The new portal will allow users to see which Russian accounts they followed between January 2015 and August 2017, Facebook announced Wednesday. The company said it will be available for use through its “Help Center” by the end of the year.
"It is important that people understand how foreign actors tried to sow division and mistrust using Facebook before and after the 2016 US election," Facebook said in a blog post.
"That’s why as we have discovered information, we have continually come forward to share it publicly and have provided it to congressional investigators. And it’s also why we’re building the tool we are announcing today.”
But the tool will only show if users "followed" the pages, not if they only saw or “liked” posts that were originally posted on them, Facebook said.
The portal will specifically show accounts associated with the Russian Internet Research Agency that attempted to propagate polarizing views on divisive social and political issues with posts and advertisements based on race, religion, immigration, gun rights, as well as LGBT rights.
“This is an important step,” Facebook COO Sheryl Sandberg said in a post. “We have a responsibility to share the information we’ve found about foreign interference on our platforms – and we’re committed to help prevent it from happening again.”
In September, Facebook said the operation likely spent $100,000 on thousands of those ads for a two-year period that ended in May.
About one-third of the U.S. population — an estimated 126 million Americans — were exposed to Russian-linked content on Facebook during the 2016 campaign, according to company officials.
Facebook, Google and Twitter were slammed by lawmakers earlier this month and acknowledged that they failed to prevent Russia from spreading propaganda on their platforms in a coordinated effort to influence the 2016 presidential election.

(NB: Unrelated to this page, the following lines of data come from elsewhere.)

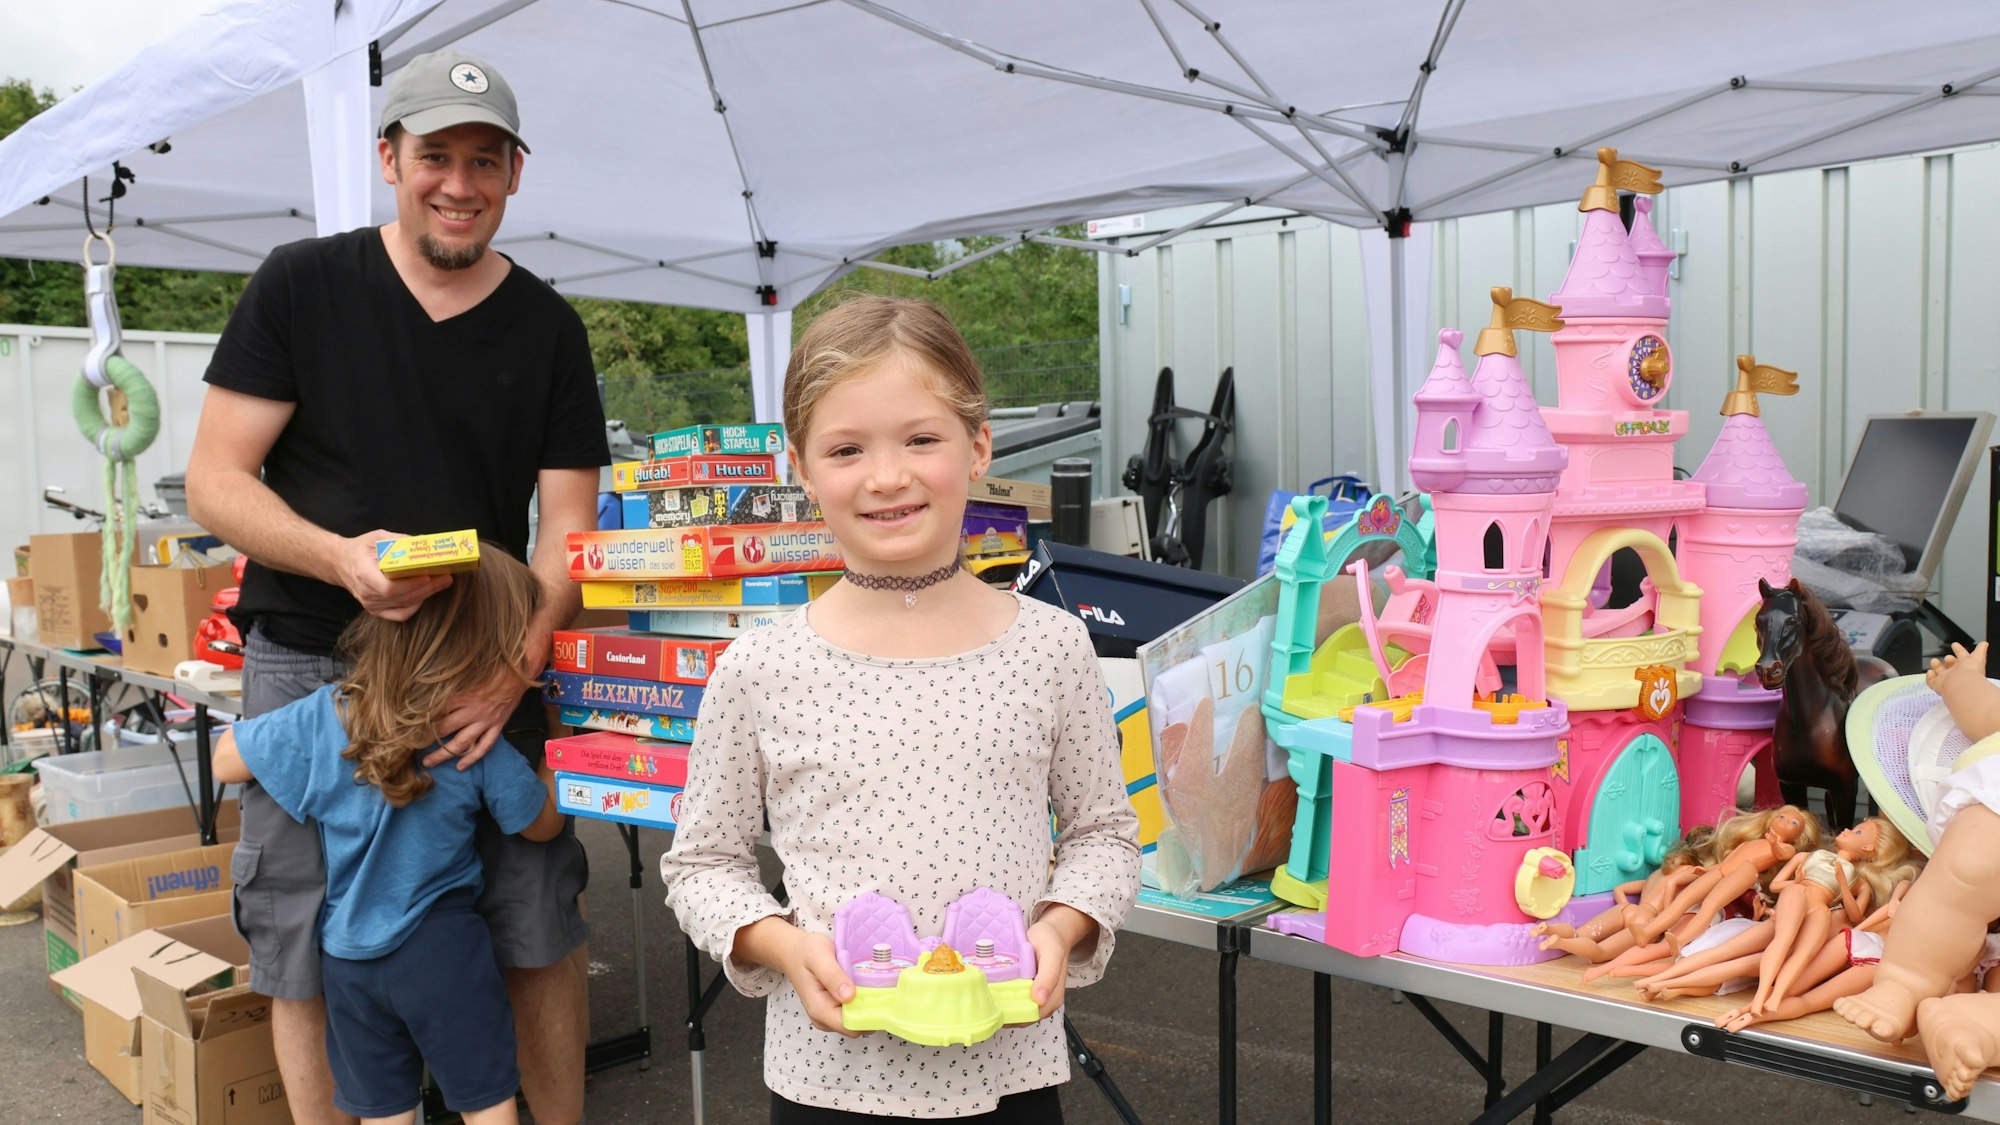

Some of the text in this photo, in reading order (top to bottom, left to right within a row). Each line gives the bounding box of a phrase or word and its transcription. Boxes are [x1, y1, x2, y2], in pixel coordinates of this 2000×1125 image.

[723, 427, 748, 438] HOCH-
[724, 438, 760, 449] STAPELN
[634, 464, 671, 482] Hut ab!
[715, 463, 766, 476] Hut ab!
[655, 511, 690, 523] memory
[607, 538, 675, 554] wunderwelt
[770, 531, 835, 547] wunderw
[608, 556, 676, 571] wissen das spiel
[771, 548, 819, 563] wissen
[1077, 604, 1125, 626] FILA
[555, 641, 576, 661] 500
[606, 651, 646, 665] Castorland
[1216, 648, 1254, 700] 16
[581, 677, 684, 710] HEXENTANZ
[148, 865, 221, 899] öffnen!
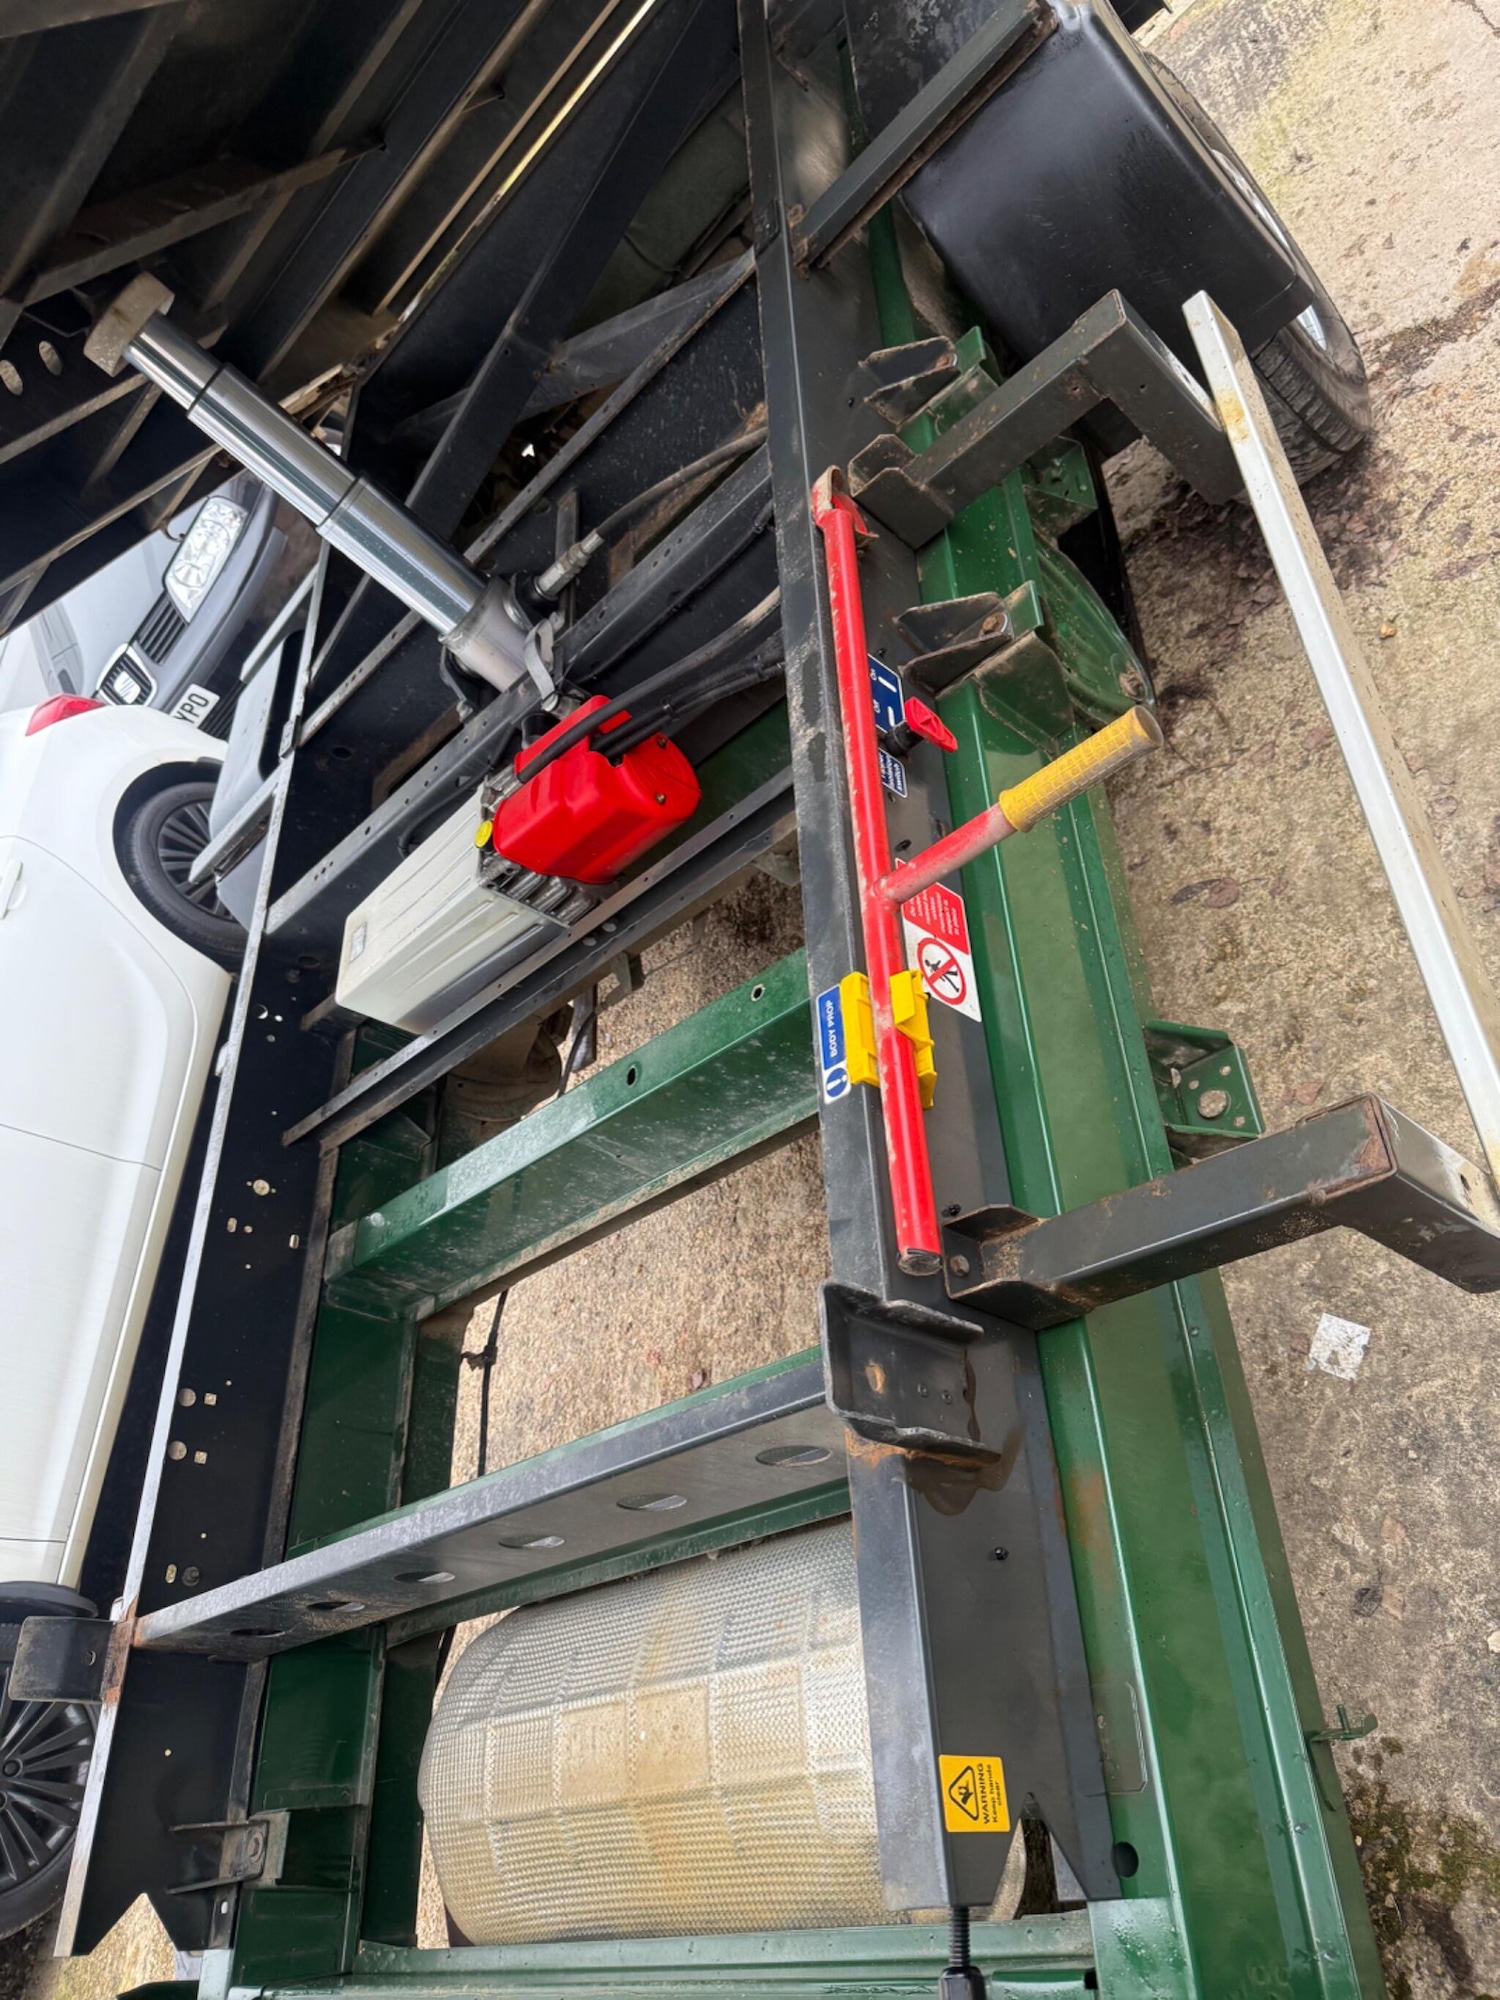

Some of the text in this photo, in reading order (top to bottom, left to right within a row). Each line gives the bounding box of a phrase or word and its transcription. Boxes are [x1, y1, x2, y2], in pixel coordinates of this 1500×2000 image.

[172, 693, 209, 724] YPO
[825, 1000, 838, 1058] BODY PROP
[977, 1763, 990, 1824] WARNING
[986, 1764, 995, 1794] hands
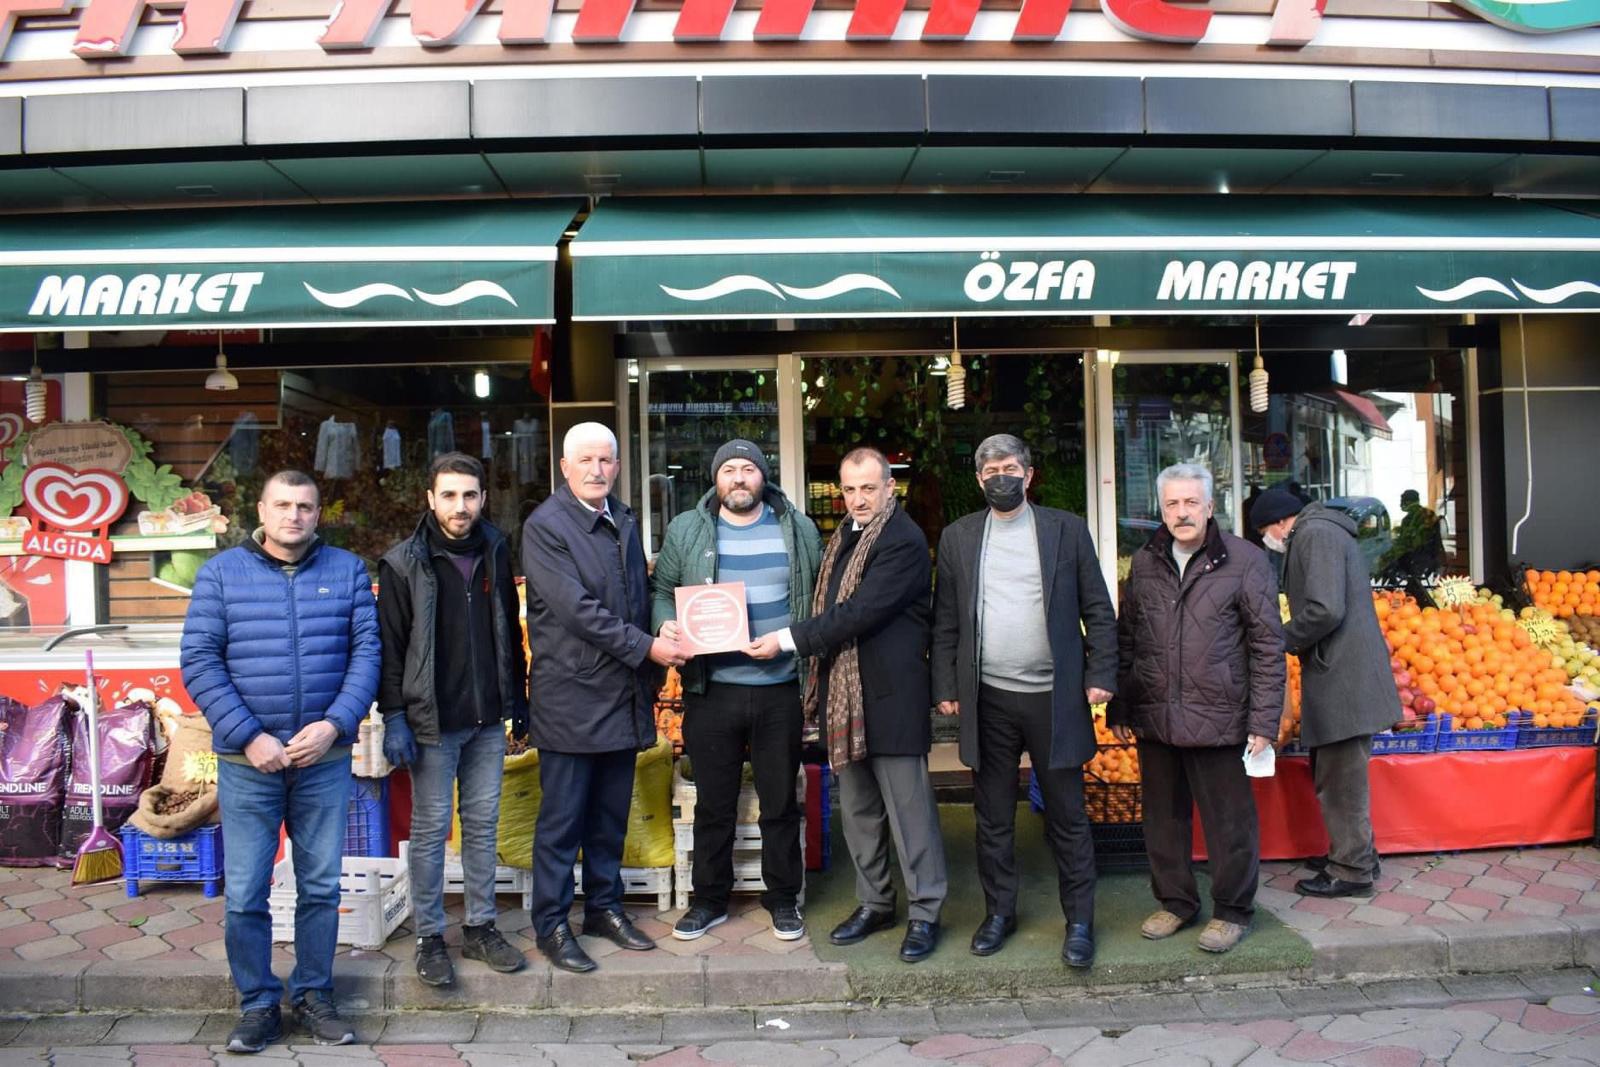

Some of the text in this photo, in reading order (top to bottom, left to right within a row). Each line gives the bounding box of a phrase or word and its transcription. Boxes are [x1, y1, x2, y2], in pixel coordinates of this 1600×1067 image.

[963, 251, 1358, 302] ÖZFA MARKET
[28, 271, 265, 316] MARKET
[1372, 739, 1419, 750] REIS
[1455, 736, 1500, 746] REIS
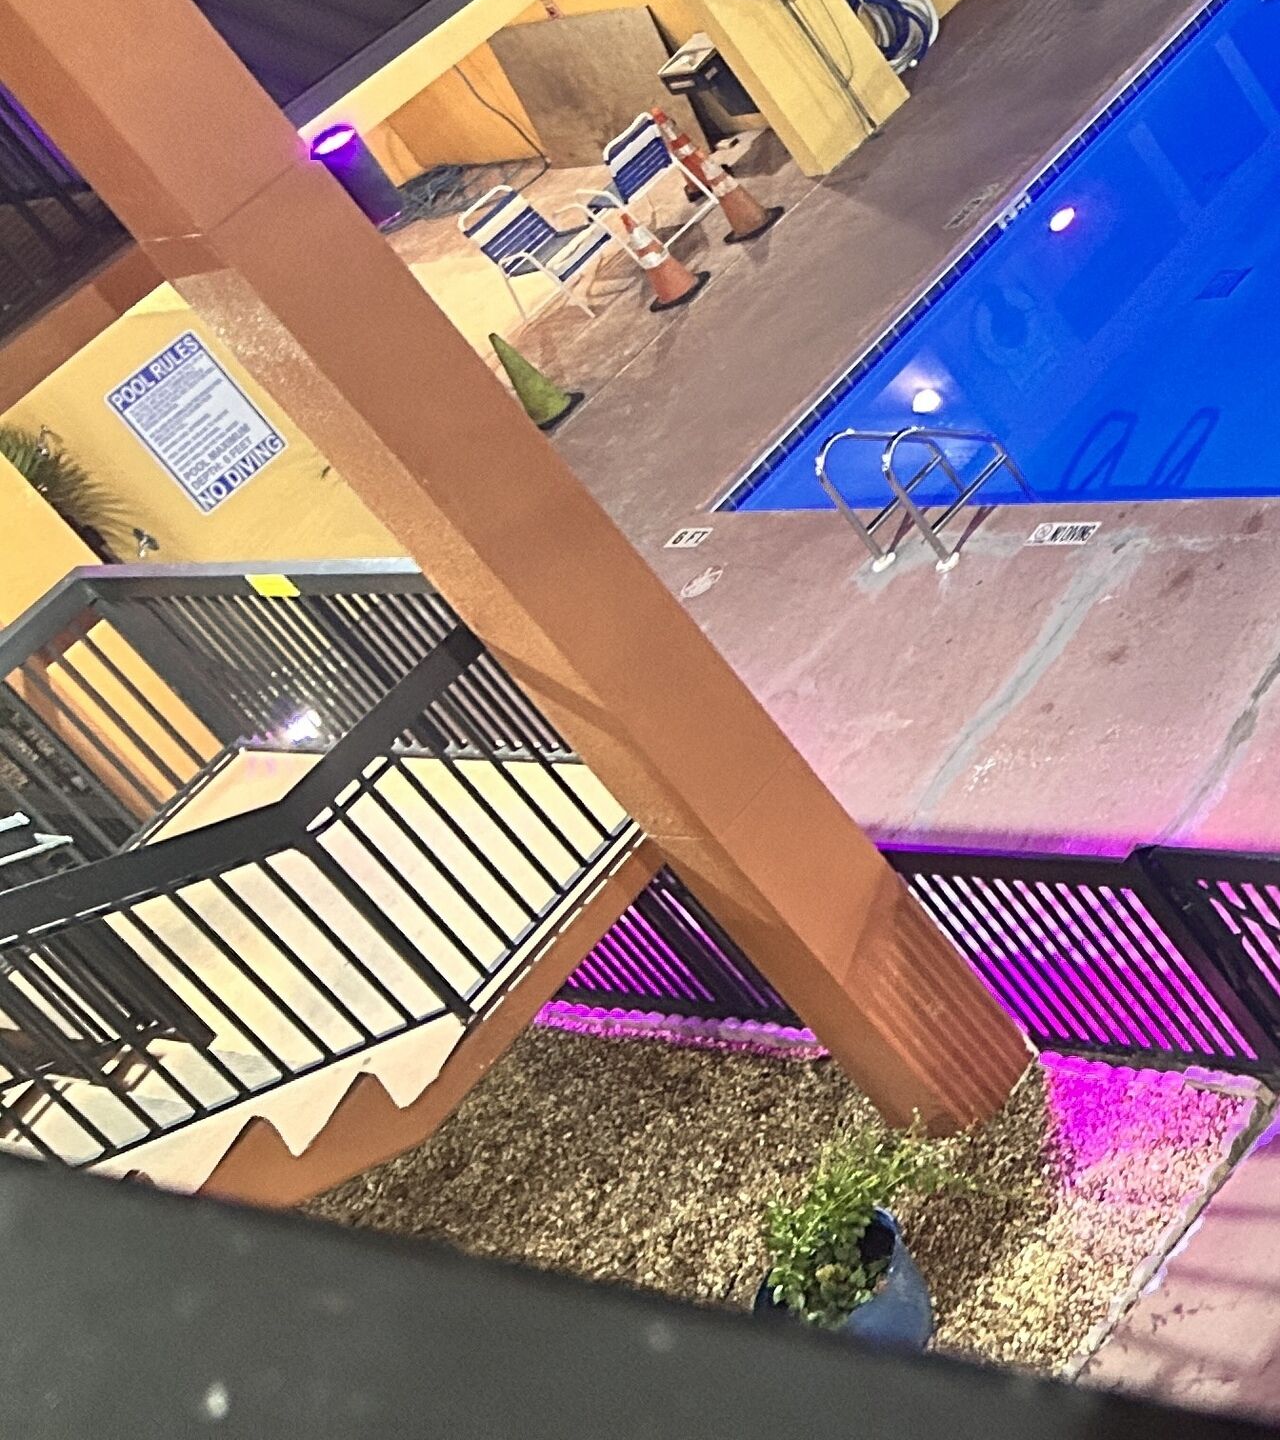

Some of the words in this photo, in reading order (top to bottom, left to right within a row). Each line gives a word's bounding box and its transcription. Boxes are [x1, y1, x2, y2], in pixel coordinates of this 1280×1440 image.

At those hearings, Sen. Dianne Feinstein, D-Calif., told tech company officials "You bear this responsibility. You've created these platforms. And now they are being misused. And you have to be the ones to do something about it. Or we will."
Rep. Adam Schiff, D-California, said the new portal was a "very positive step" in a statement. But he said he's still looking for more information about Russia’s efforts, including a joint report by the companies “on how Russia used these platforms to sow discord and influence the election.”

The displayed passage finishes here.